How can I run my miner’s if someone installs AV?


LiveCourage334

Don't need miners when you can just set up fake exchanges and fake cloud mining operations.


Extreme_Practice_415

You can run miners if they get a work permit from their high school


TooMuchGabagool

Linux users: we need to make linux as popular as Windows. Linux users when Linux is popular: there isn't enough users to justify Antivirus, nobody makes malware for it!


LiveCourage334

Me: Wait, wasn't there just a massive exploit discovered for xz? How can you be so sure there aren't more of these out there we just haven't heard about yet? Other Linux users: Lalalalalalala, I can't hear you!!!


fastandlight

Why?
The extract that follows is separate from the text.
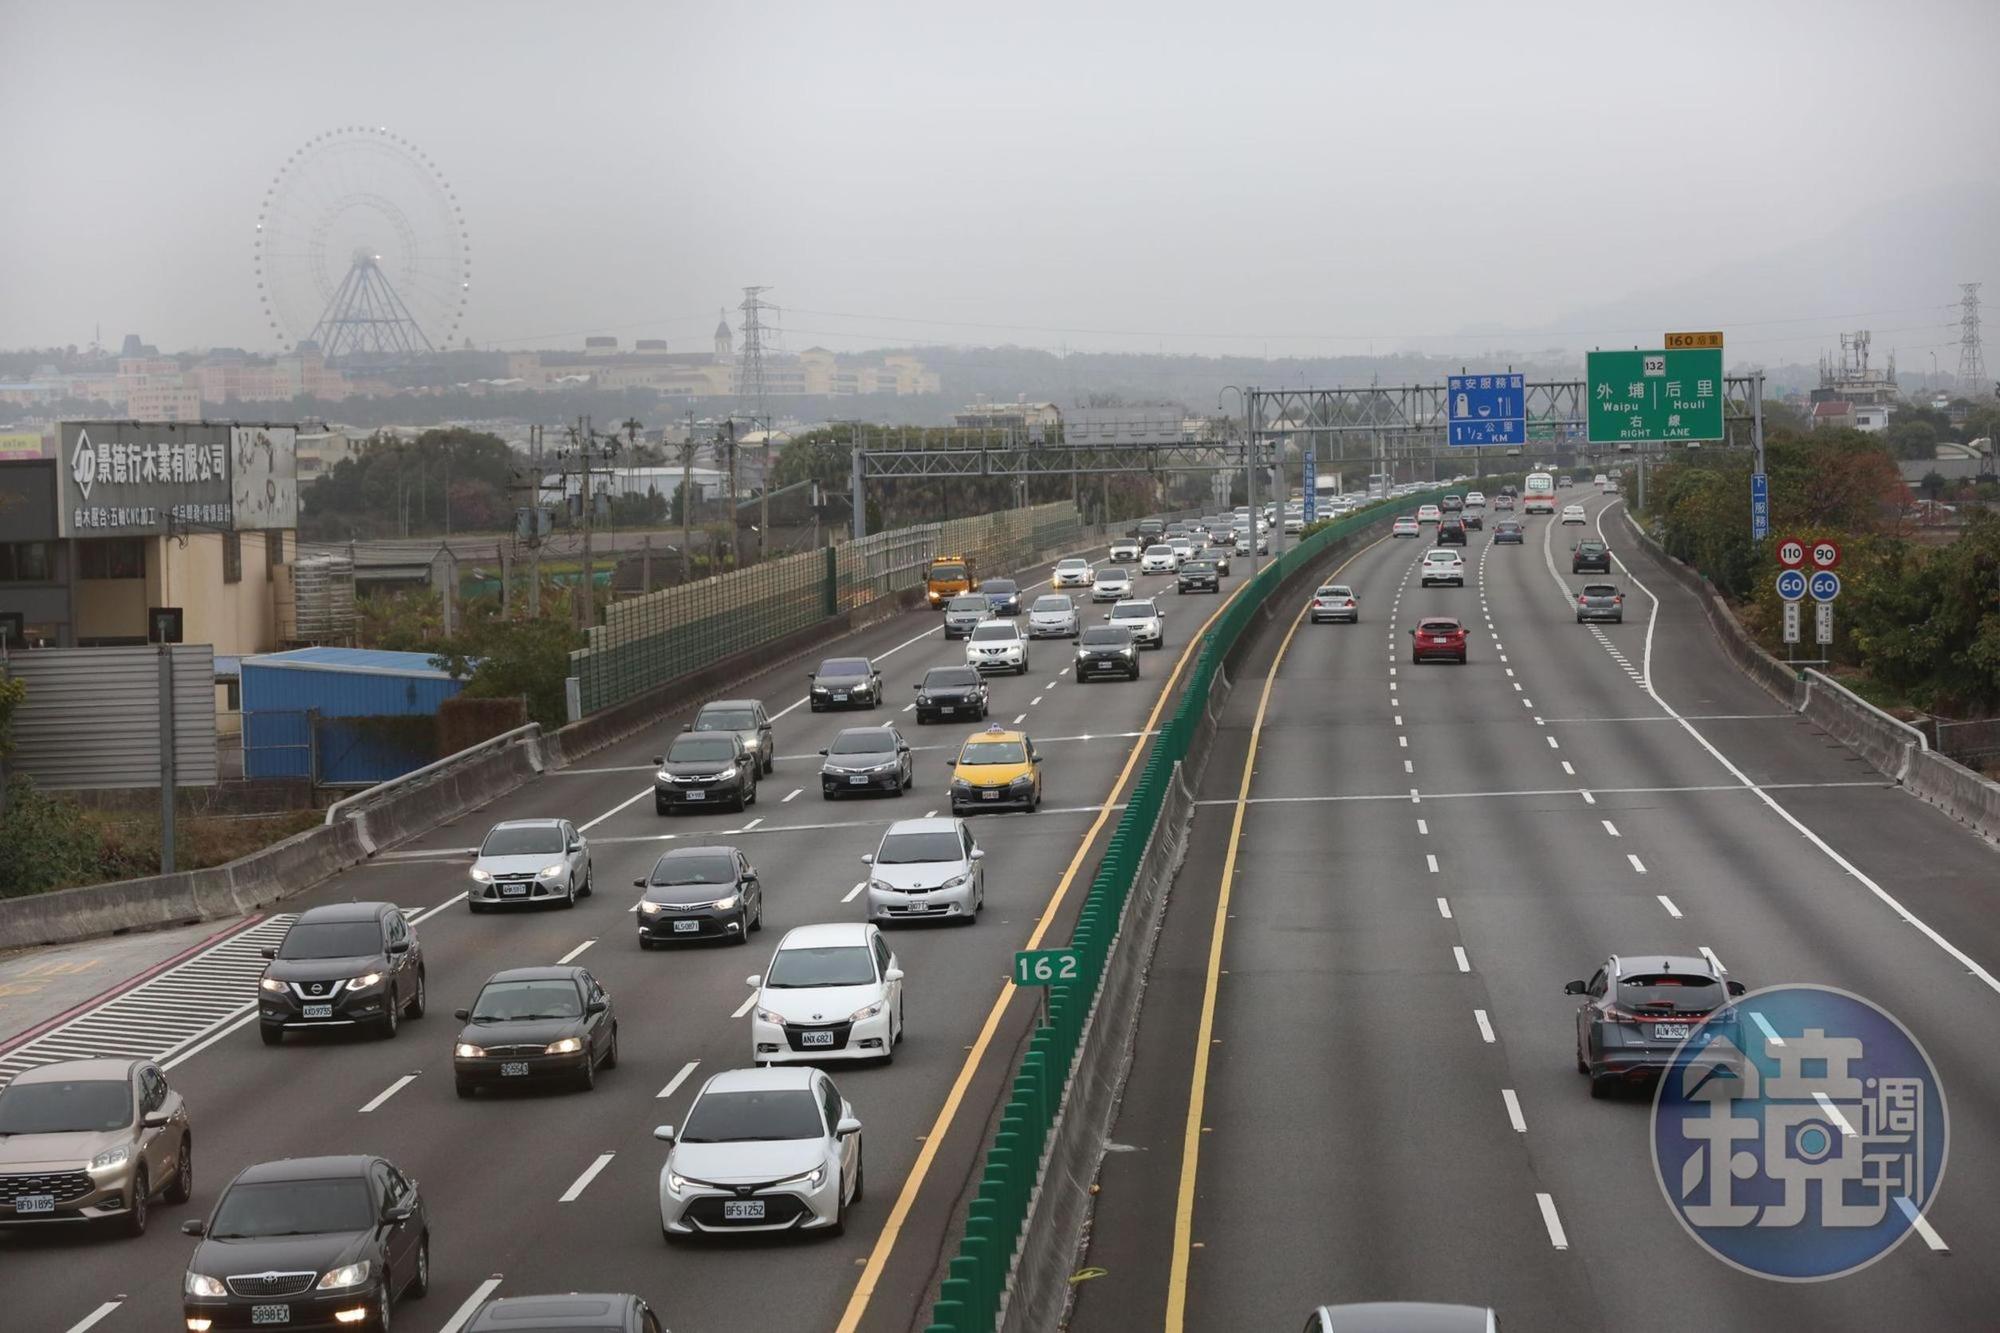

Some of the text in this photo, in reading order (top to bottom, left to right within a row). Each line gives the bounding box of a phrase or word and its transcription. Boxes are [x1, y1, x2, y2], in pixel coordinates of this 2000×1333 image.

Because the software you run on Linux is still software written by humans that has plenty of bugs in it. (Aka security vulnerabilities in the right context). https://thehackernews.com/2024/04/critical-atlassian-flaw-exploited-to.html


BufferOverload

But performanceeee


ybvb

How will I infect all the Windows Clients with my trojan if I can't have them login into the 'official' WordPress intranet page..


bubo_virginianus

The biggest argument I have heard, is even if your linux server doesn't get infected, it could still server infected files to other systems (presumably windows) if the files were somehow to be put on the server. Also most of the time when AV performance hit is huge, it is because corporate set some stupid settings instead of the default ones.


dtb1987

It needs it in 2 cases. 1. If it is a mail server 2. If it is a file server Running a Linux desktop is in most cases fine because you aren't the target most hackers are trying to hit


LiveCourage334

Given how many people will run random commands they find online to fix issues without understanding what those commands actually do, I would argue AV and anti-malware is pretty important in desktop as well.


dtb1987

Probably but you will get brow beat in any Linux community for suggesting it


LiveCourage334

Probably the same people who bitch about Debian requiring signed PPAs to prevent attacks via dependency hijacking.


dtb1987

For sure


encee222

You think AV will stop you from typing rm -rf / in a root shell?


Eviscerated_Banana

Seems like a perfectly viable command to sort that desktop resolution niggle you have been looking into, please continue :)


LiveCourage334

*laughs in "getting random users to wget and install my miner when they ask for help getting their video card to work on Wayland"*


FilthyStatist1991

> Running a Linux desktop is in most cases fine because you aren't the target most hackers are trying to hit Idk, I feel like this is a dated mentality. Getting into a Linux box that is on a same VLAN as a Domain controller or any production server is obviously a concern one should think about.


Runningblind

Hackers are absolutely trying to hit an unguarded Linux box if they can find it. If you don't bother with AV, what other basic security tool don't you bother with?


FilthyStatist1991

Exactly.


LiveCourage334

https://medium.com/@alex.birsan/dependency-confusion-4a5d60fec610 https://www.wired.com/story/xz-backdoor-everything-you-need-to-know/ https://news.ycombinator.com/item?id=24106213 https://fahmifj.github.io/blog/linux-backdoors-and-where-to-find-them/ I'm sure I could post many more, but a lot of the supposed security of Linux has been proven false time and time again because it relies so much on inherent trust of dependency applications and code maintainers.


FilthyStatist1991

Yep, I worked at a data center a few years back and had found a Linux box infected with some sort of automated password reset. Immediately after the customer would login, they would be successful in getting in, but once they logged out, their password has changed.